The memorial is a reminder of a “new era” in which tribal cooperation and stewardship is valued, said US Secretary of the Interior Deb Haaland, the first Native American cabinet secretary.
“It will help Indigenous people continue to use these areas for religious ceremonies, hunting and gathering of plants, medicines and other materials, including materials found nowhere else on Earth,” Haaland said.
“It will protect objects of historical and scientific importance for the benefit of tribes, the public and future generations.”
Native Americans are also a crucial political ally of Biden. They helped Biden win Arizona in the 2020 contest and will be just as important in next year’s election.
In 2017, Democratic President Barack Obama withdrew from a full landmark designation. The idea was met with hostility from Arizona’s Republican governor and two senators. Dan-Gov. Doug Ducey threatened legal action, saying Arizona already has enough national monuments.
Opponents of the monument’s creation have argued that it will not help combat an ongoing drought and could prevent forest thinning and deter hunters from controlling wildlife populations. Ranchers in Utah, near the Arizona border, say the landmark designation would deprive them of private property.
The landscape of Arizona’s political delegation has changed significantly since then. Gov. Katie Hobbs, Democratic Senator Mark Kelly, and Senator Kyrsten Sinema, an independent, are all on board. Hobbs, a Democrat, has openly urged Biden to issue an nomination. In a letter to Biden in May, Hobbs claimed she heard from people across the political spectrum, including sports groups and outdoor groups, in support of a monument.
Mining companies and the areas that would benefit from their activities remain strongly opposed.
Buster Johnson, a Mohave County supervisor, said the monument proposal feels exclusively politically driven and that another hearing on the matter should have taken place.

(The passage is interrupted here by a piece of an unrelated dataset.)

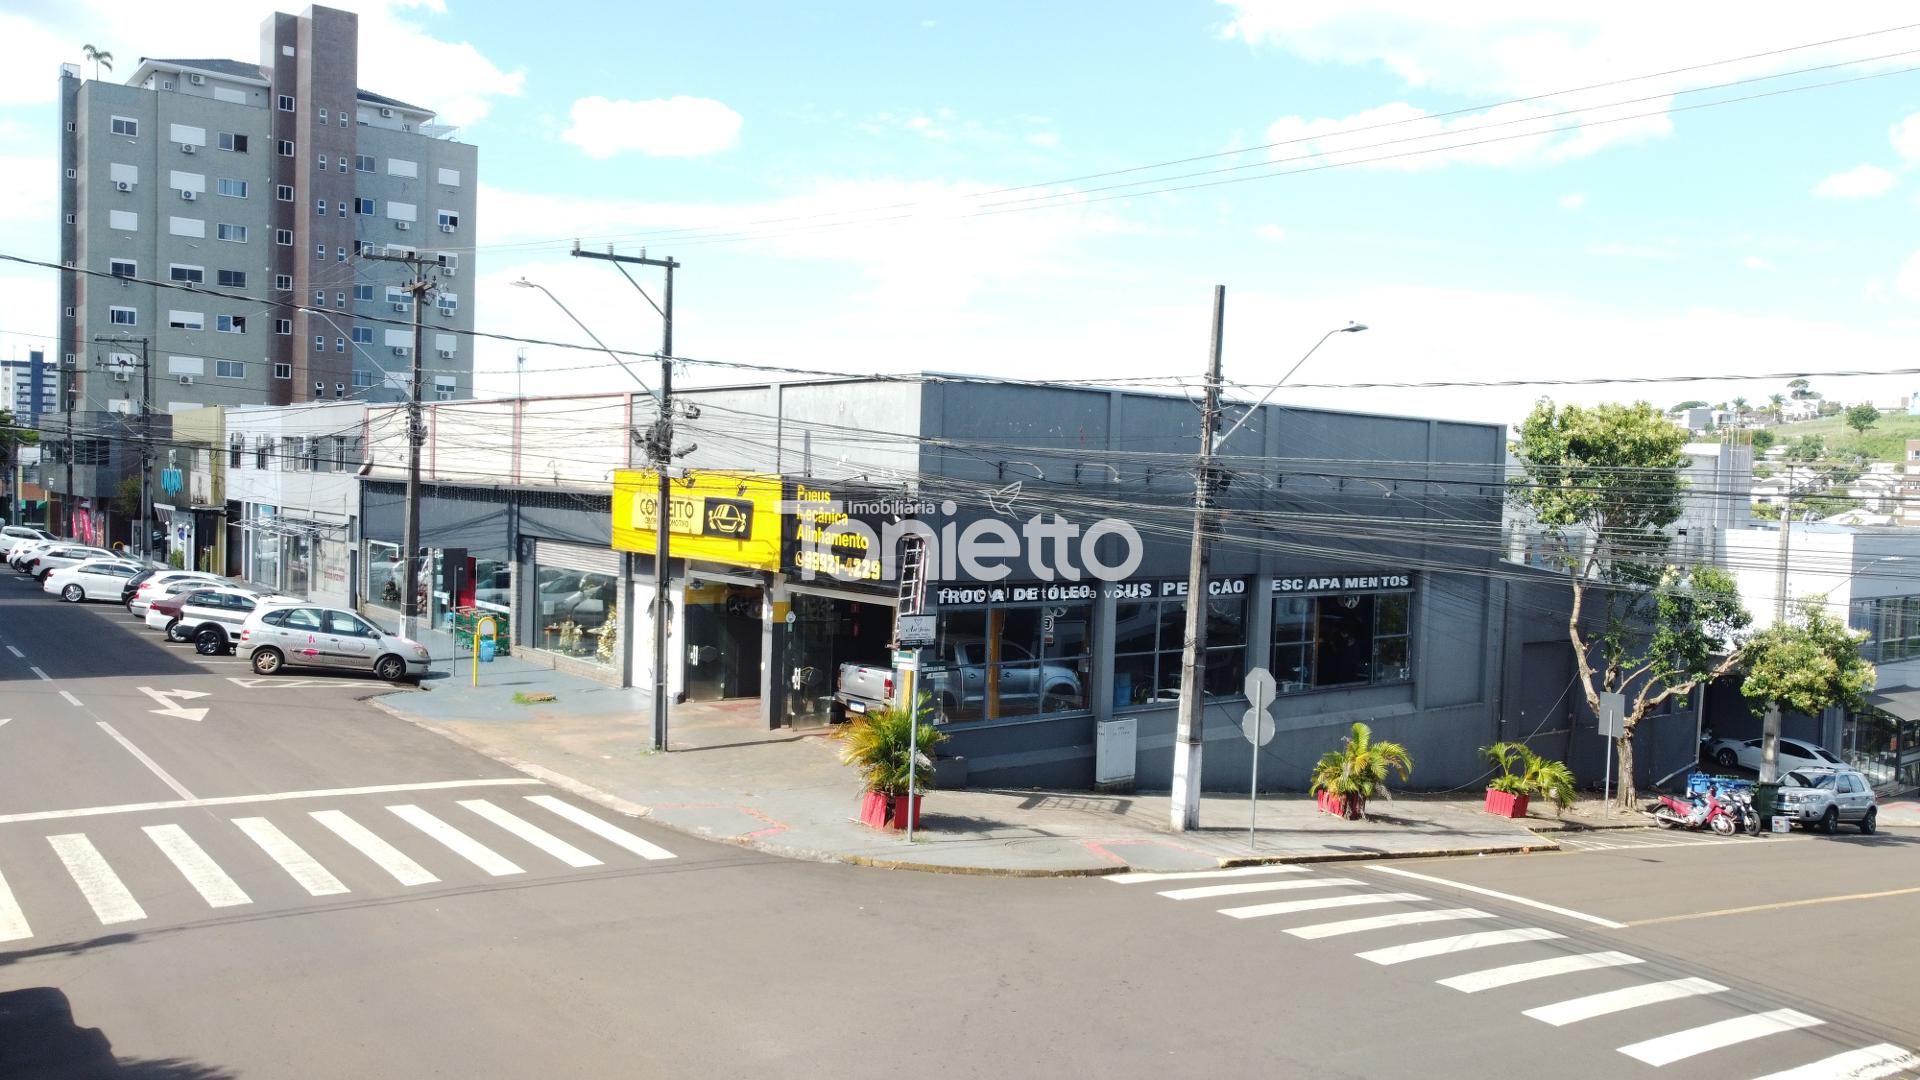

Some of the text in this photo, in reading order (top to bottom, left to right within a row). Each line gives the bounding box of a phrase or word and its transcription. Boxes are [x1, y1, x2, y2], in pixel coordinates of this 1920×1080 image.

[640, 499, 694, 518] COEITO
[796, 524, 870, 549] Alinhamento
[1013, 588, 1038, 601] DE

He sees no point in not tapping uranium and making the country less dependent on Russia. Russia and former Soviet republics now supply nearly half of all US nuclear fuel.
“We need uranium for the security of our country,” Johnson said. “We’re out of the game.”
President Joe Biden greets Rep. Ruben Gallego, D-Ariz., and Rep. Raul Grijalva, D-Ariz., upon arrival at Grand Canyon National Park Airport
There are no uranium mines operating in Arizona, although the Pinyon Plain Mine just south of Grand Canyon National Park has been under development for years. Other claims are within grace.
The federal government has said nearly a dozen mines in the area that have been withdrawn from new mining claims may still be open even with the monument designation because their claims were established before 2012.
After Arizona, Biden will continue to Albuquerque on Wednesday, where he will talk about how the fight against climate change has created new jobs.
He will visit Salt Lake City on Thursday to celebrate the first anniversary of the PACT law, which provides new benefits to veterans who were exposed to toxic substances. He will also hold a re-election fundraiser in each city.